Methods: A thematic survey on PV occurrence was conducted among rural children in Shantou and Jieyang areas using a unified strategy. Four machine learning models, including Support Vector Machine (SVM), K-Nearest Neighbors (KNN), Artificial Neural Network (ANN), and Random Forest (RF), were employed to predict PV risk, and SHAP feature importance was utilized to evaluate risk factors. An early-warning index for PV was constructed using linear regression and feature importance.
Results: Children in Jieyang were 1.84 times more likely to experience PV compared to those in Shantou (22.95% vs 12.49%). Among PV victims, left-behind children showed a notably higher proportion in Shantou (46.09%) compared to Jieyang (24.48%). The study successfully established specific predictive models for PV among rural children, with an overall prediction accuracy exceeding 80% across regions and 82% for left-behind children. The SHAP framework revealed significant risk factors, such as witnessing school bullying (contributing up to 22.72%) and self-harm intentions (up to 16.43%). The early-warning index demonstrated that the region and left-behind status significantly impacted PV occurrence. Specifically, the PV warning indices for Shantou and Jieyang were 0.621 (IQR: 0.558-0.761) and 0.497 (IQR: 0.422-0.658), respectively, significantly higher than the non-PV warning indices of 0.253 (IQR: 0.037-0.380) and 0.161 (IQR: 0.104-0.256). Left-behind children had higher PV warning indices than non-left-behind children.

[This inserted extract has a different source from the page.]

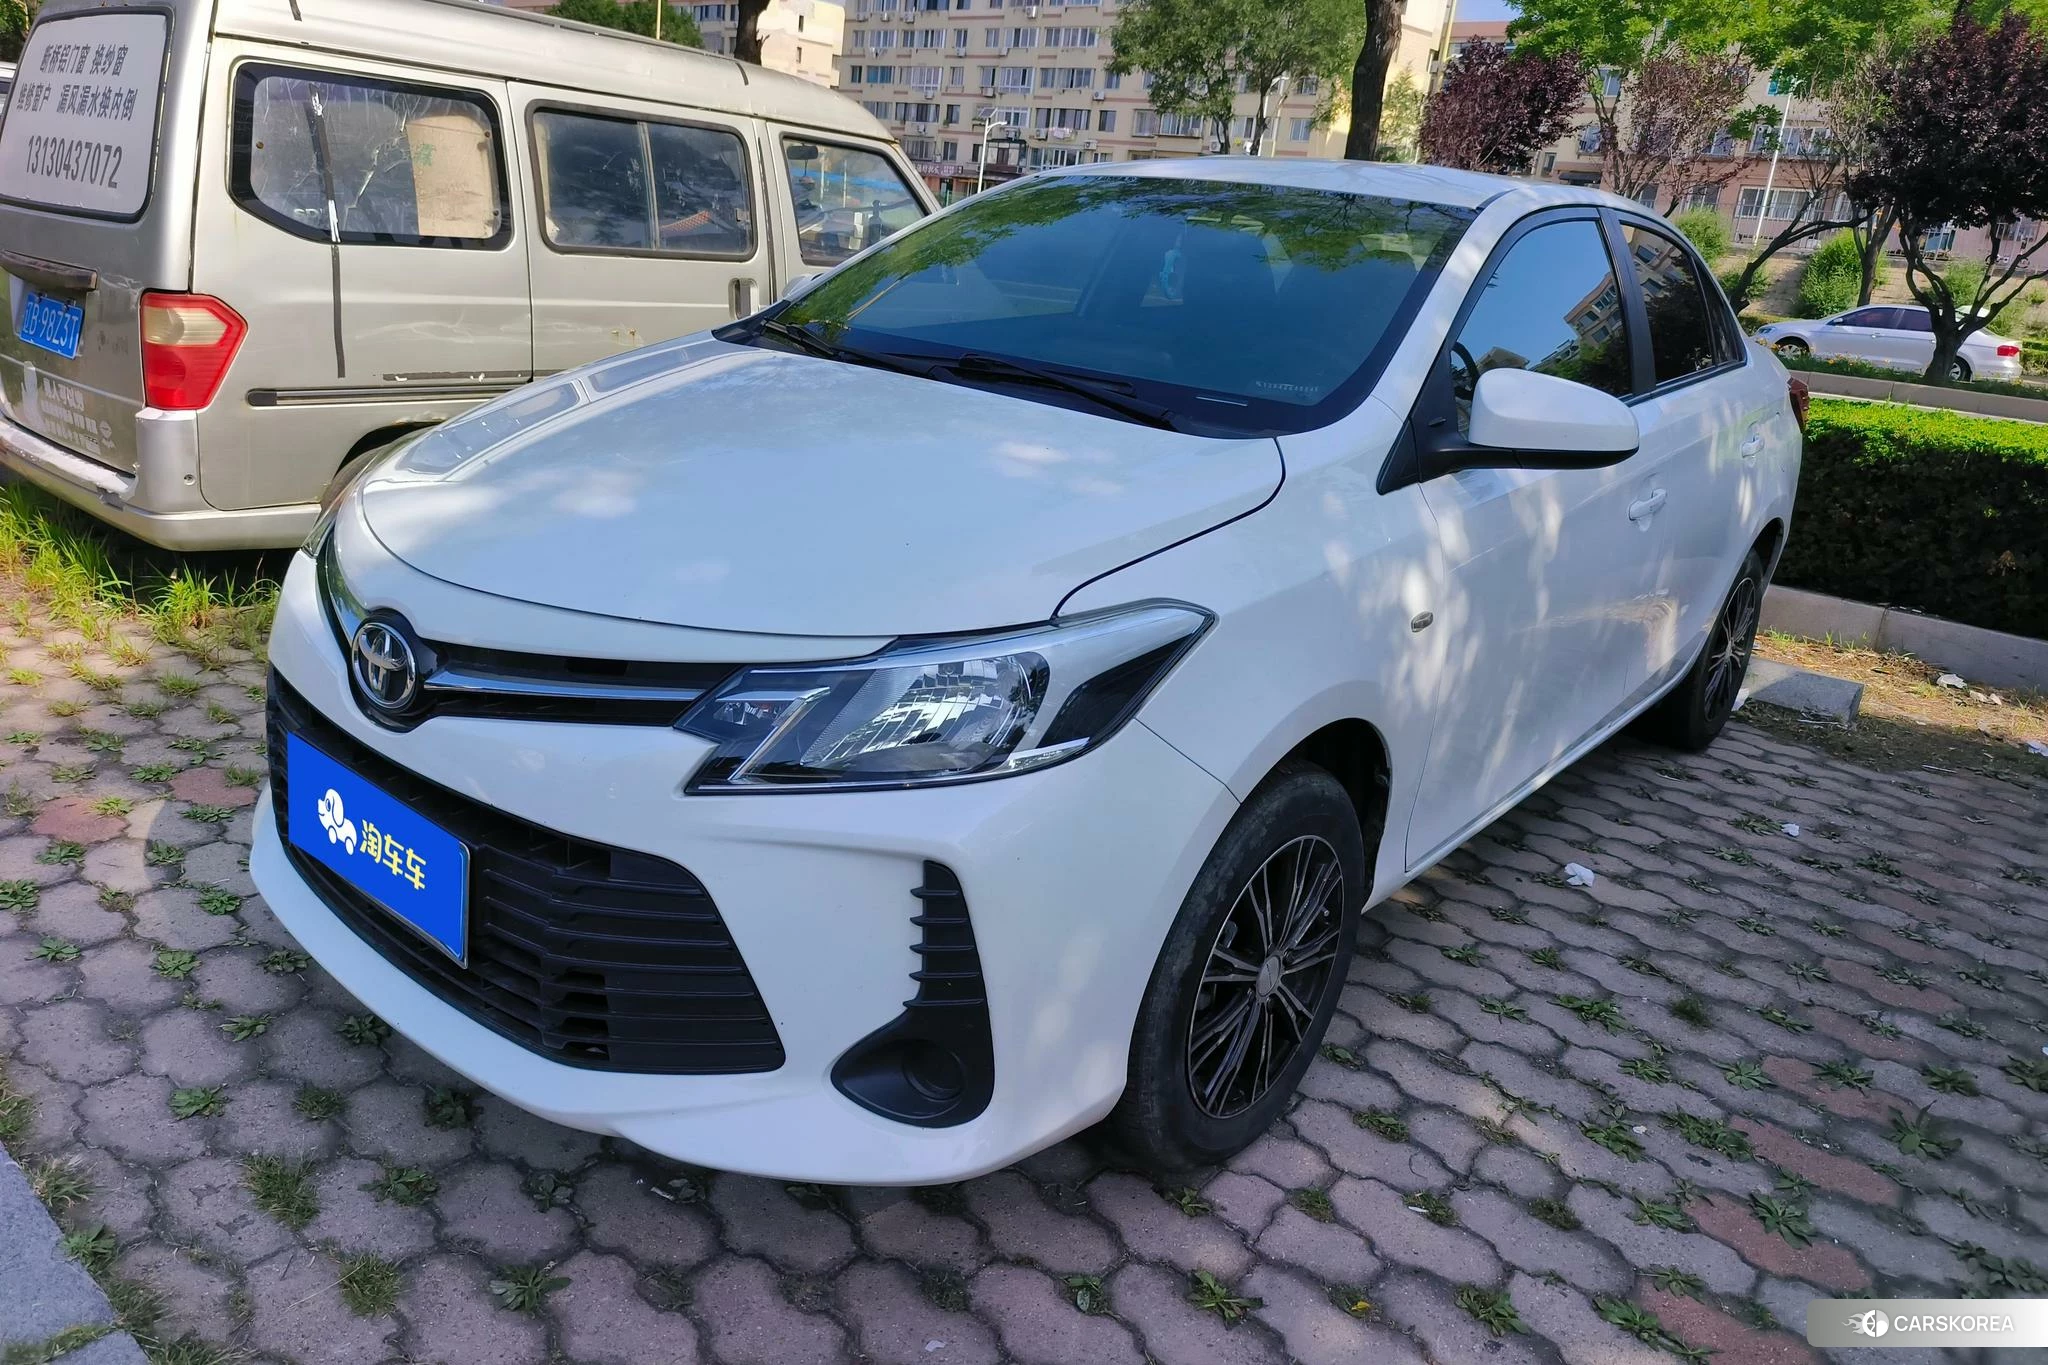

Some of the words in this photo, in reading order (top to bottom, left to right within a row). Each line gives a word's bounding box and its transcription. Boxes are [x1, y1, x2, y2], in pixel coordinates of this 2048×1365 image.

Conclusions: This study demonstrates the utility of machine learning models in predicting PV among rural children, particularly left-behind children, in the Chaoshan region. Identifying risk factors and developing an early-warning index provide valuable tools for injury prevention, risk assessment, and targeted interventions, with potential applications in public health policy.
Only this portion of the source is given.